AIM OF THE TASK | Whatever comes before the line containing "Some of the text" stays out; transcribe that line and all that follow to the end of the records exactly, with no pictures.

[Saved entries]
------------------------------------------------

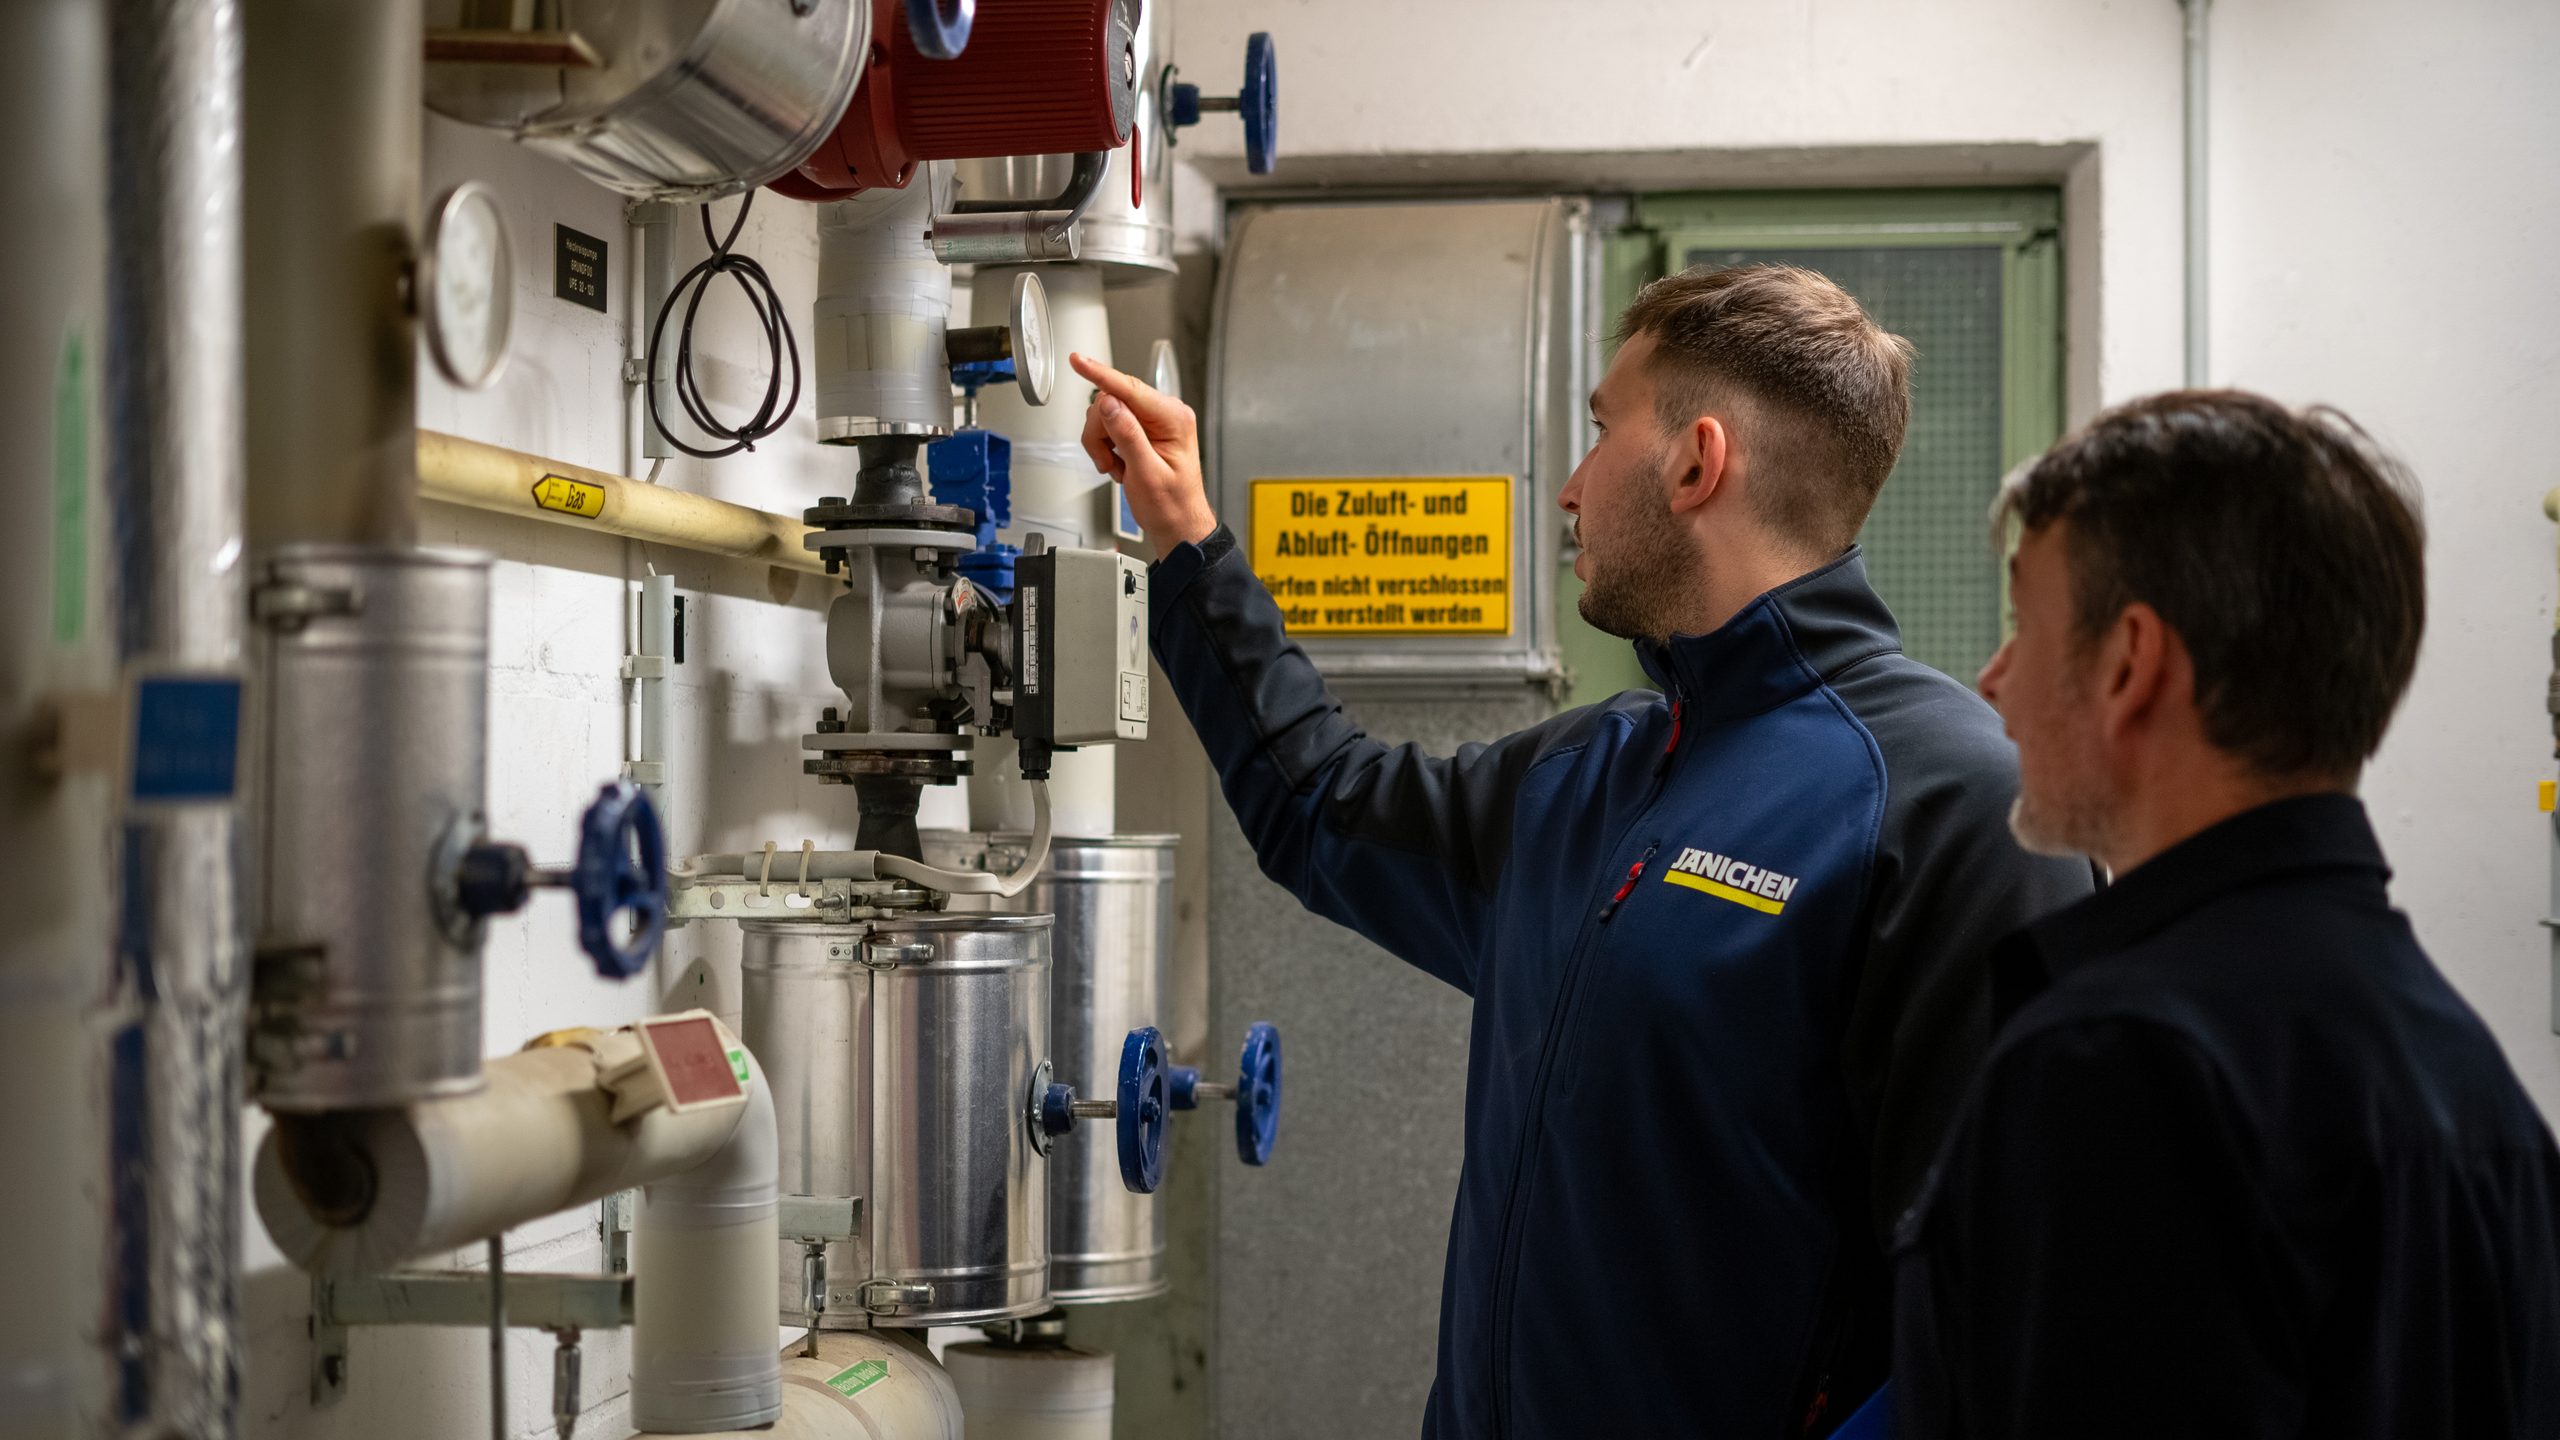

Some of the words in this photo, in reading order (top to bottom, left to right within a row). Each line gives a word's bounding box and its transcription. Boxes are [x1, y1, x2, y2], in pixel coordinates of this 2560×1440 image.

[565, 483, 586, 510] Gas
[1291, 490, 1328, 517] Die
[1336, 490, 1416, 516] Zuluft-
[1423, 489, 1467, 515] und
[1276, 530, 1357, 557] Abluft-
[1364, 523, 1488, 559] Öffnungen
[1261, 575, 1317, 597] ürfen
[1323, 575, 1371, 596] nicht
[1376, 574, 1505, 595] verschlossen
[1324, 604, 1404, 624] verstellt
[1410, 603, 1482, 623] werden
[1670, 847, 1799, 901] JÄNICHEN
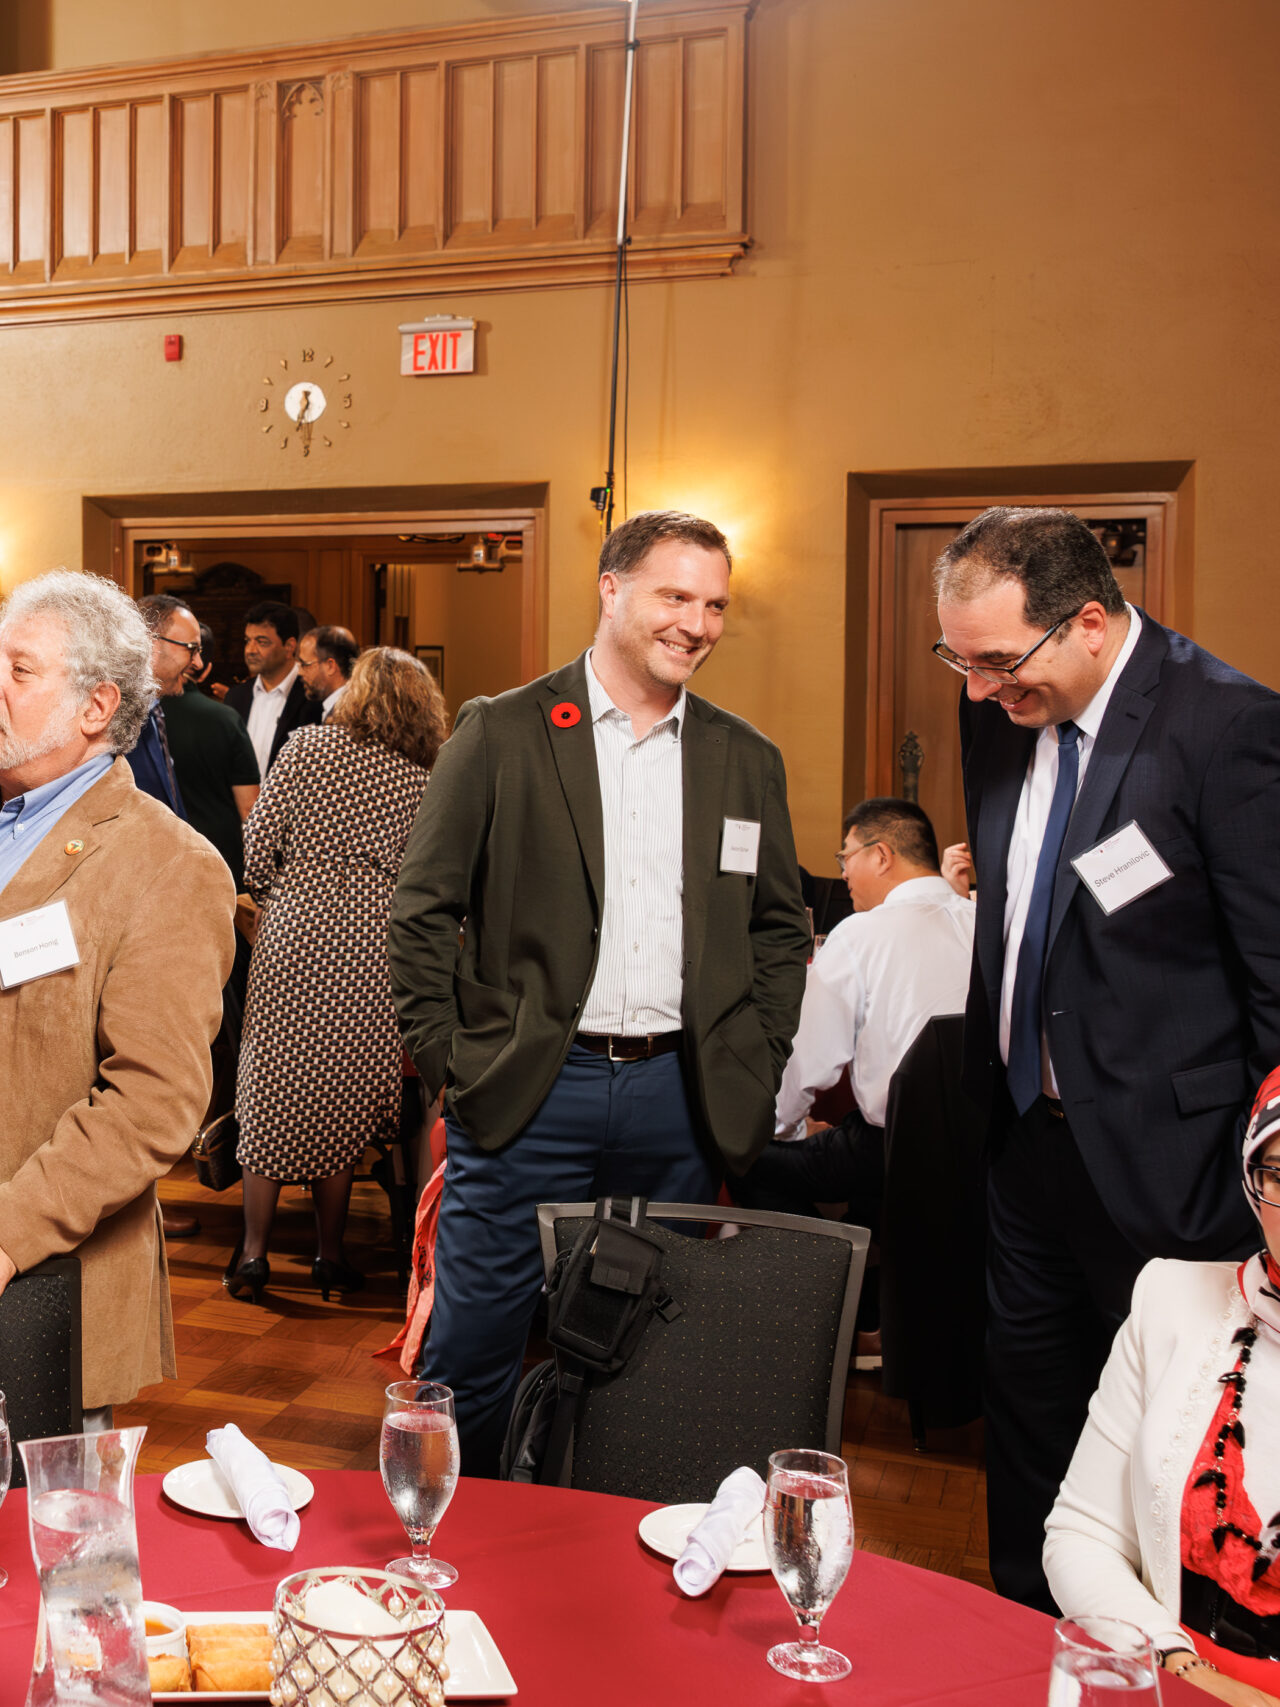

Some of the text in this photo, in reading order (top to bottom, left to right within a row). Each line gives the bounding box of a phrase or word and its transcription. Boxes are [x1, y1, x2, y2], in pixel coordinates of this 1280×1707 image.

[413, 332, 462, 371] EXIT
[1094, 849, 1151, 888] Steve Hranilovic
[14, 945, 39, 959] Benson
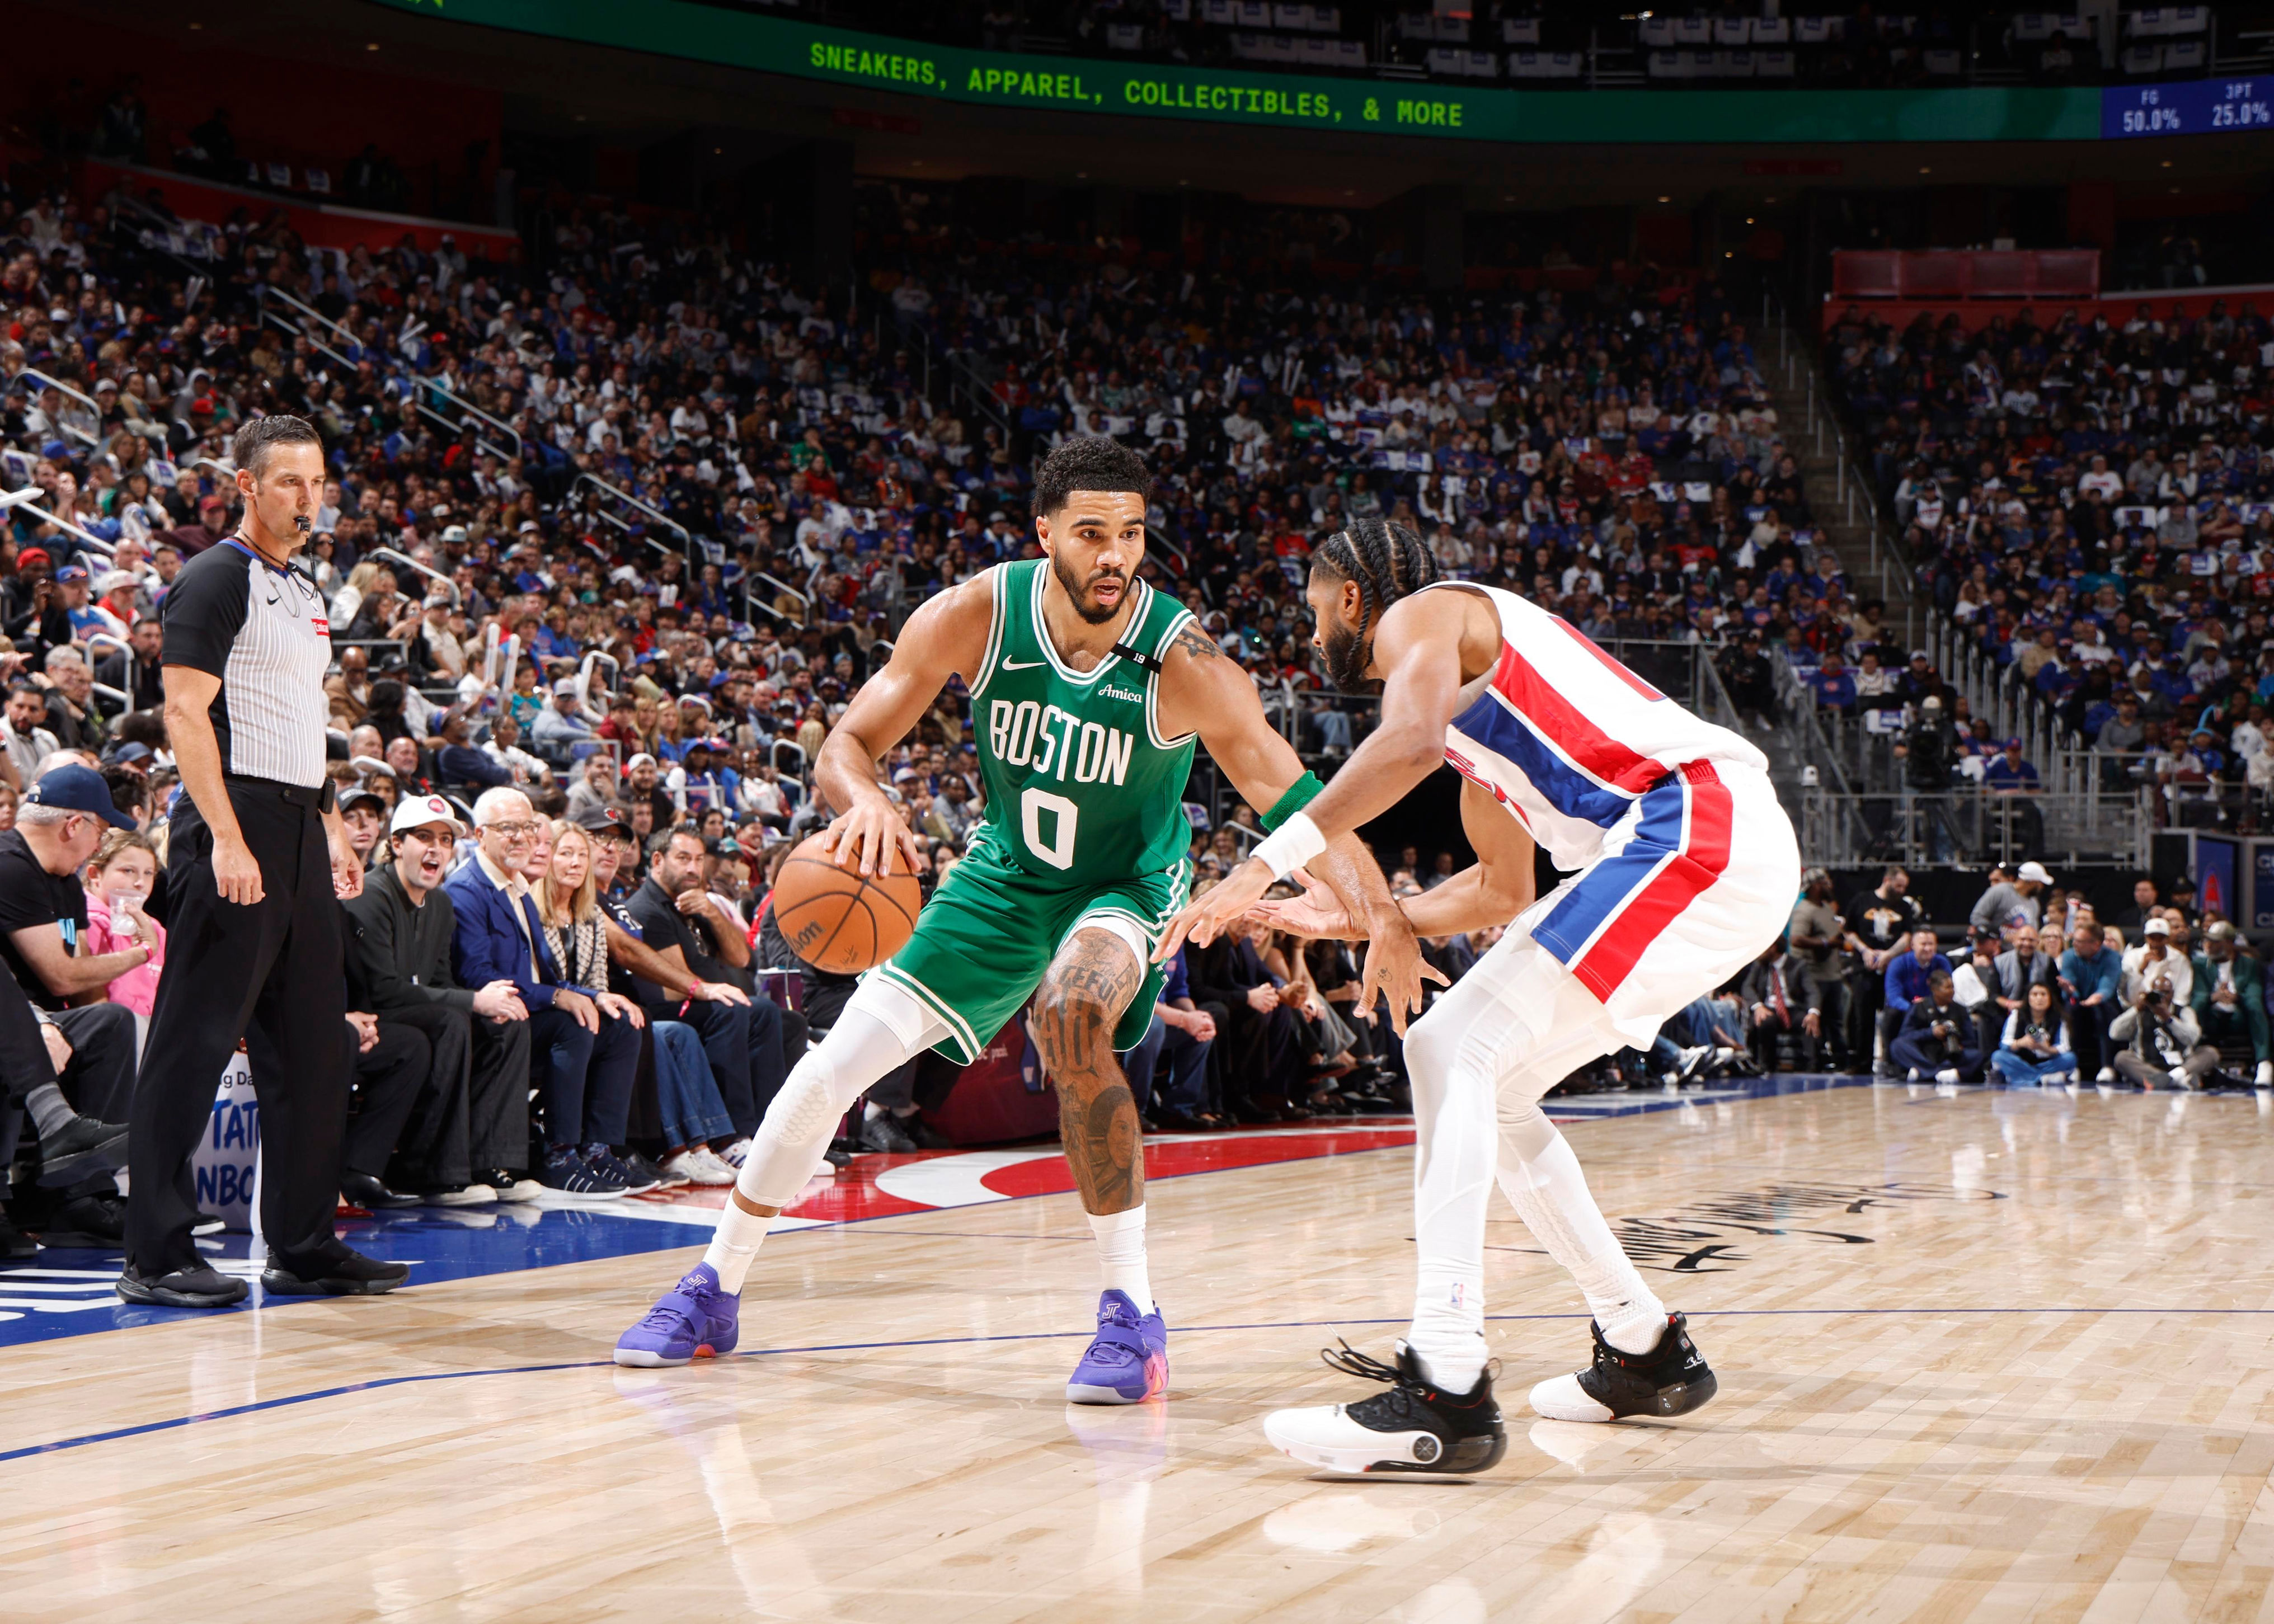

------------------------------------------------

SOLUTION TO THE PROBLEM |
Some of the text in this photo, in reading order (top to bottom, left to right within a row). Each line gives the bounding box of a phrase or word and its transcription. Boxes are [x1, y1, x2, y2], in pixel coordinates of this 1280×1707 image.

[413, 332, 462, 371] EXIT
[1094, 849, 1151, 888] Steve Hranilovic
[14, 945, 39, 959] Benson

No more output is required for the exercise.